AWO Integrationsarbeit

Wurzeln wie eine Seerose

Unter dem Dach des Arbeiterwohlfahrt Kreisverbandes Wesel leistet das Internationale Bürgerzentrum und die Integrationsagentur seit 1991 in Moers-Repelen interkulturelle Arbeit.  Mit Kursangeboten, Sprechstunden und Gesprächskreisen tragen sie zur Verständigung und Toleranz bei.

Wenn Behnaaz Jansen oder ihr Kollege Fahri Simsek am Samstagmorgen in Repelen einkaufen gehen, planen sie dafür mindestens zwei Stunden ein. Denn die beiden kennen hier buchstäblich jeden. „Wir werden überall begrüßt und halten mit allen ein Schwätzchen“, sagt Jansen. Dieses Vertrauen und diese Nähe zu den Bürgern ist gleichzeitig die Basis und quasi die Bedingung für ihre Arbeit.

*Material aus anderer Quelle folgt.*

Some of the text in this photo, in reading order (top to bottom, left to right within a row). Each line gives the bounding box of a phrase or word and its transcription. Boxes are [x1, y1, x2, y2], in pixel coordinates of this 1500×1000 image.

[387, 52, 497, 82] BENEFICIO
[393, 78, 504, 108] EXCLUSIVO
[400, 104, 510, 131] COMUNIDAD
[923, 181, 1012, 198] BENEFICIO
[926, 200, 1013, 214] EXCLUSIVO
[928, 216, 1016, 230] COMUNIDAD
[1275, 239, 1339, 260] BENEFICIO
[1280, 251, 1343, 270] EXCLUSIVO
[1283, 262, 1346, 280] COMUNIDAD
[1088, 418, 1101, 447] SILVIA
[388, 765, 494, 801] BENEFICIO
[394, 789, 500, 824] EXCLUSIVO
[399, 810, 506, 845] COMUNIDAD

Zübeyde Sözüdogru arbeitet in der Integrationsagentur an der Talstraße in Repelen. In den Räumen befinden sich außerdem die Flüchtlingsberatung und benachbart das Internationale Bürgerzentrum (IZ). Jeder dritte Repelener hat einen Migrationshintergrund. In den Fünfziger und Sechziger Jahren kamen viele Ausländer, hauptsächlich Türken, nach Moers und Kamp-Lintfort, um in den Zechen zu arbeiten. Sie sind geblieben, holten ihre Familien nach, und auch heute noch kommen Frauen und Männer aus der Türkei hierher, um zu heiraten.

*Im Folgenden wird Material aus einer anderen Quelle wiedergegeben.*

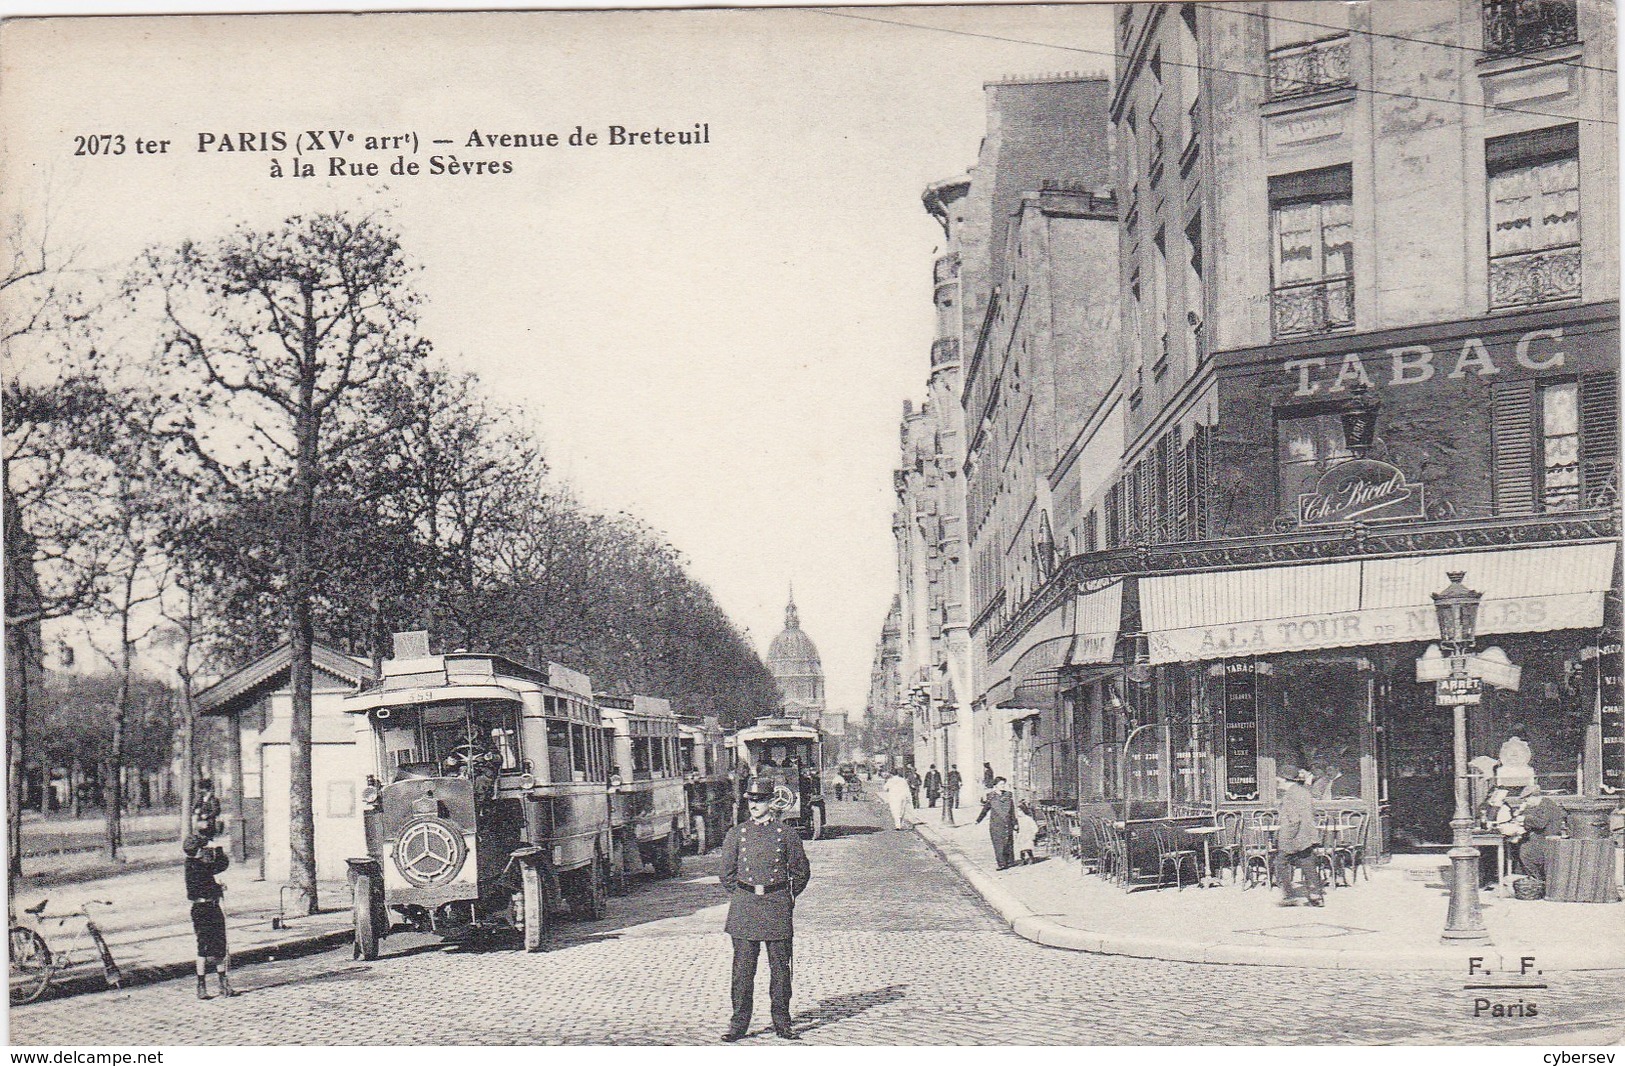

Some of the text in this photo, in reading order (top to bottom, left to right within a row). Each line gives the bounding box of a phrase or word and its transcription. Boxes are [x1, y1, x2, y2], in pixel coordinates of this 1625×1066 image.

[1284, 328, 1566, 397] TABAC
[1302, 494, 1336, 520] Ch.
[1276, 615, 1364, 644] TOUR
[1374, 624, 1396, 635] DE
[1405, 600, 1547, 632] NLES
[1226, 663, 1255, 674] TABAC

„Hier setzt ein Teil unserer Arbeit an“, erklärt Behnaaz Jansen, die aus eigener Erfahrung weiß, wie man sich fühlt, wenn man in ein fremdes Land kommt. Das IZ bietet Deutschkurse an. Darin vermittelt die Lehrerin auch deutschen Alltag, deutsche Kultur und zeigt ihnen, wie sie sich in ihrer neuen Umgebung zurechtfinden können. „Dieses niederschwellige Kursangebot wird vom Bundesamt für Migration und Flüchtlinge, abgekürzt BAMF, gefördert“, sagt Jansen. Ziel sei es, die Teilnehmerinnen auf einen Stand für die „normalen“ BAMF-Integrationskurse zu bringen.

„Sprache ist der Schlüssel“, betont Sözüdogru, die Deutsch wie Türkisch fließend spricht. Damit sind einerseits natürlich gute Deutschkenntnisse gemeint und andererseits die Beherrschung der Muttersprache. Zübeyde Sözüdogru vergleicht das gern mit einer Seerose: „Sie muss feste und tiefe Wurzeln haben, um weitere Wurzeln zu schlagen und Blüten zu treiben.“ So schult die Integrationsagentur der AWO beispielsweise ehrenamtliche Lesepatinnen, die in den Kindergärten und Schulen auf Deutsch und auf Türkisch vorlesen. „Damit werden nicht nur die Kinder an Literatur herangeführt, sondern auch das Selbstbewusstsein der Ehrenamtlerinnen gestärkt“, erzählt Sözüdogru. Seit 2006 bildet die Integrationsagentur pro Jahr zirka 20 Vorlesepatinnen aus, wobei die Schulungen immer in deutscher Sprache stattfinden. „Für die Kinder ist es zudem eine positive Erfahrung, wenn in ihrer Muttersprache vorgelesen wird“, so Sözüdogru.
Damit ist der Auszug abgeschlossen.